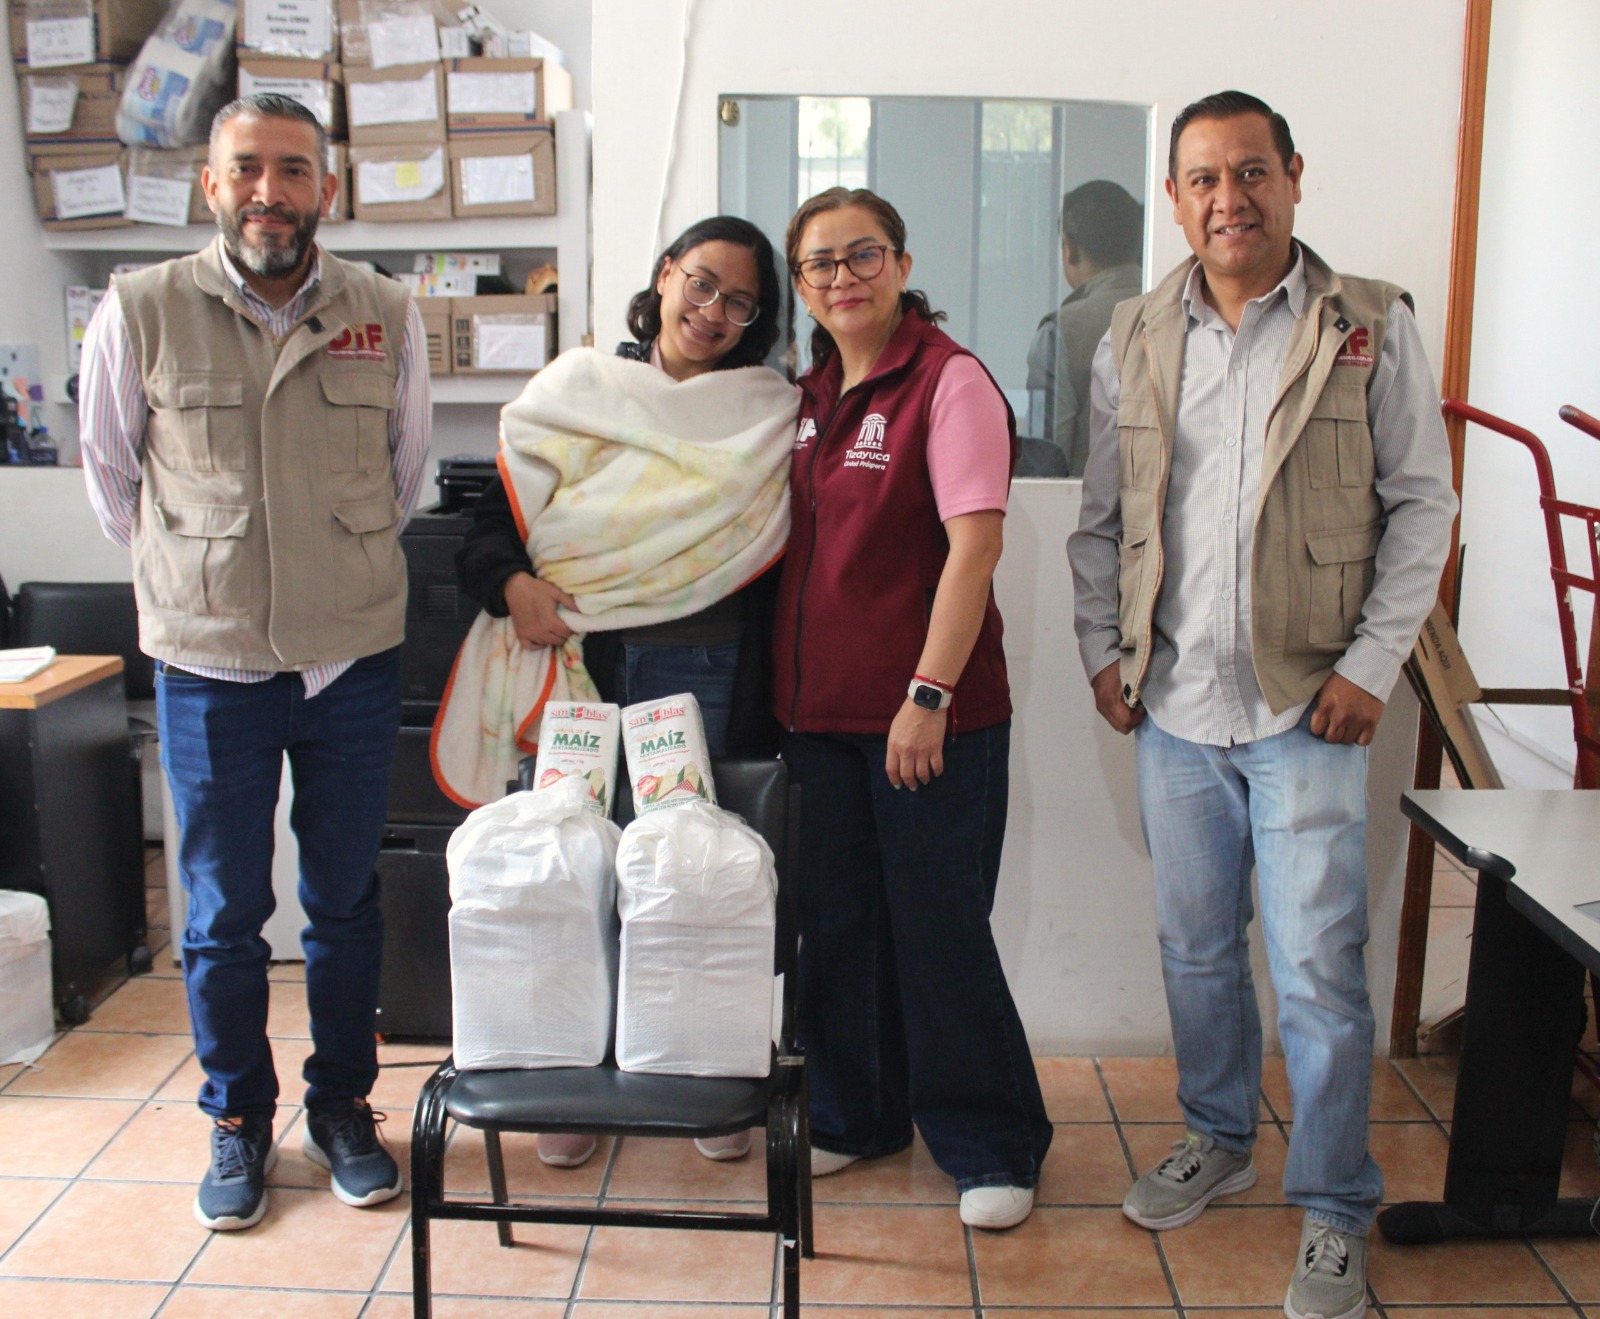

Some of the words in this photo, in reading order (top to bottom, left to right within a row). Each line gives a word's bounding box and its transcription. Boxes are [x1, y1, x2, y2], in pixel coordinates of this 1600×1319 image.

[845, 449, 890, 463] Tizayuca
[553, 731, 602, 749] MAÍZ
[640, 730, 686, 755] MAÍZ
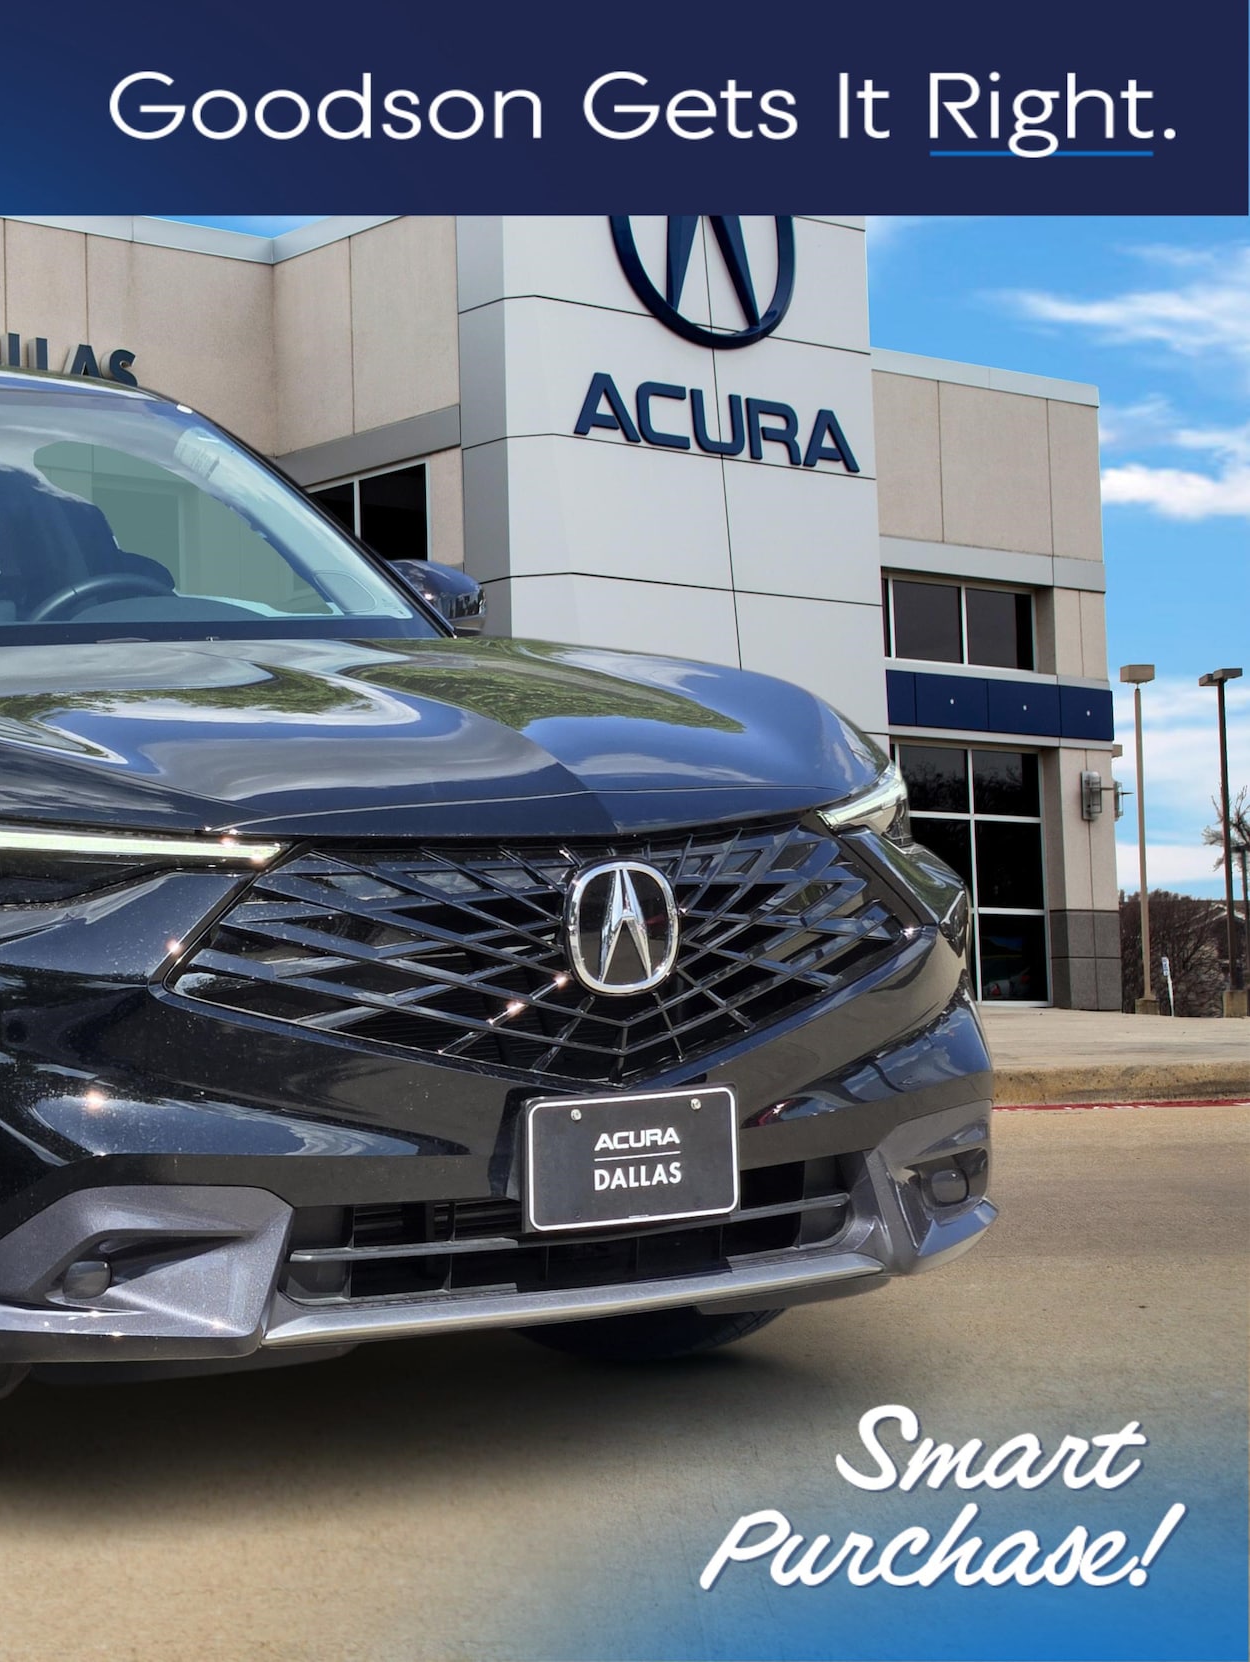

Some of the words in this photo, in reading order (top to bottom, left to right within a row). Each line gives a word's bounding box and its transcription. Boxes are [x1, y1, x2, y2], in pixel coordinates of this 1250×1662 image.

[573, 372, 860, 473] ACURA
[594, 1127, 681, 1151] ACURA
[594, 1161, 682, 1191] DALLAS
----------------
[Instructions for the task]: Reproduce the records verbatim, omitting all images they contain.

[Response to this exercise]:
Some of the words in this photo, in reading order (top to bottom, left to right within a row). Each line gives a word's bounding box and its transcription. Boxes are [x1, y1, x2, y2], in pixel coordinates of this 1600×1319 image.

[845, 449, 890, 463] Tizayuca
[553, 731, 602, 749] MAÍZ
[640, 730, 686, 755] MAÍZ

Some of the words in this photo, in reading order (top to bottom, left to right within a row). Each line gives a word's bounding box and its transcription. Boxes are [x1, y1, x2, y2], in pixel coordinates of this 1250×1662 image.

[573, 372, 860, 473] ACURA
[594, 1127, 681, 1151] ACURA
[594, 1161, 682, 1191] DALLAS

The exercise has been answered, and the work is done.